You are viewing a plain text version of this content. The canonical link for it is here.
Posted to commits@druid.apache.org by GitBox <gi...@apache.org> on 2019/01/15 23:02:39 UTC

[GitHub] drcrallen opened a new pull request #6865: Densify swapped hll buffer

drcrallen opened a new pull request #6865: Densify swapped hll buffer
URL: https://github.com/apache/incubator-druid/pull/6865
 
 
   We had an upstream data producer who was sampling data. The sampling algorithm seemed to be based on Murmur3_128, or at least a related algorithm where the hash collisions were similar.
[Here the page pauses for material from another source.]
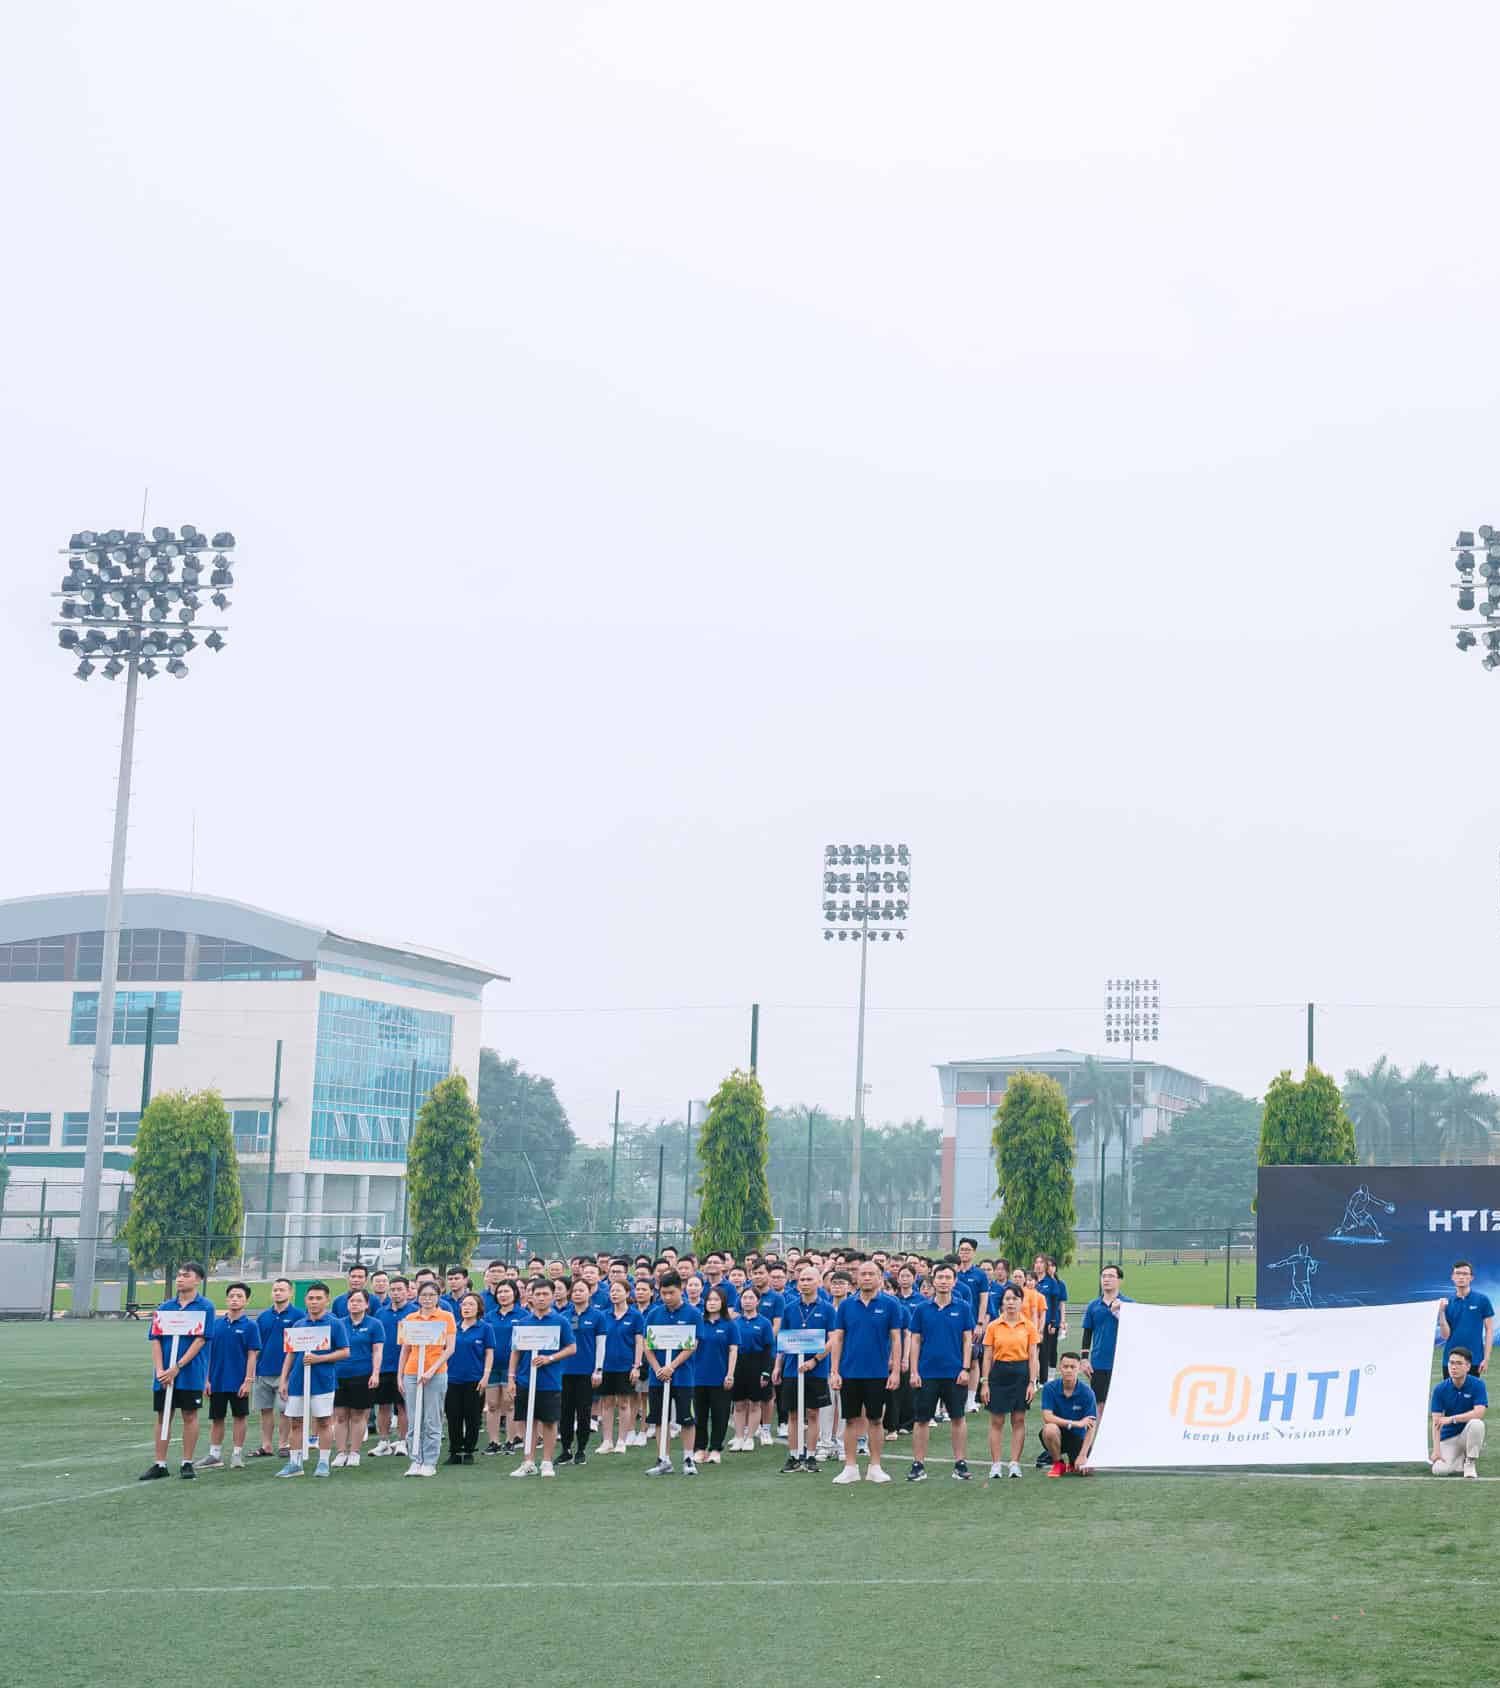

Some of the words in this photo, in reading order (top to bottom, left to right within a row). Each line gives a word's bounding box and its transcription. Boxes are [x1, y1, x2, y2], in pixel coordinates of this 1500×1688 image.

When doing a HLL sketch of the dimension values, we were getting really weird results where all the HLL buckets would end up with values that were not good sketches of the input data (every bucket nibble with a `1` for example). `testCanFillUpOnMod` demonstrates such a scenario.
   
   The unfortunate side effect of this was that the folding operation can easily cause corrupt buffers if the buffer folding in is sparse. `testRegisterSwapWithSparse` will fail against master at `folded.toByteBuffer()` similar to how the jackson serialization of the collector fails on historicals in the error mode we found. 
   
   ```
   java.nio.BufferOverflowException
   	at java.nio.Buffer.nextPutIndex(Buffer.java:527)
   	at java.nio.HeapByteBuffer.putShort(HeapByteBuffer.java:321)
   	at org.apache.druid.hll.HyperLogLogCollector.toByteBuffer(HyperLogLogCollector.java:488)
   ```
   
   
   With this PR applied, the query result does not crash, but does return as sketch that is useless, as demonstrated in the estimate cardinality checks during the added unit tests.
   
   A tangential long term solution here would probably be to also seed the murmur hash with a custom value... but that will break historical compatibility in nasty ways.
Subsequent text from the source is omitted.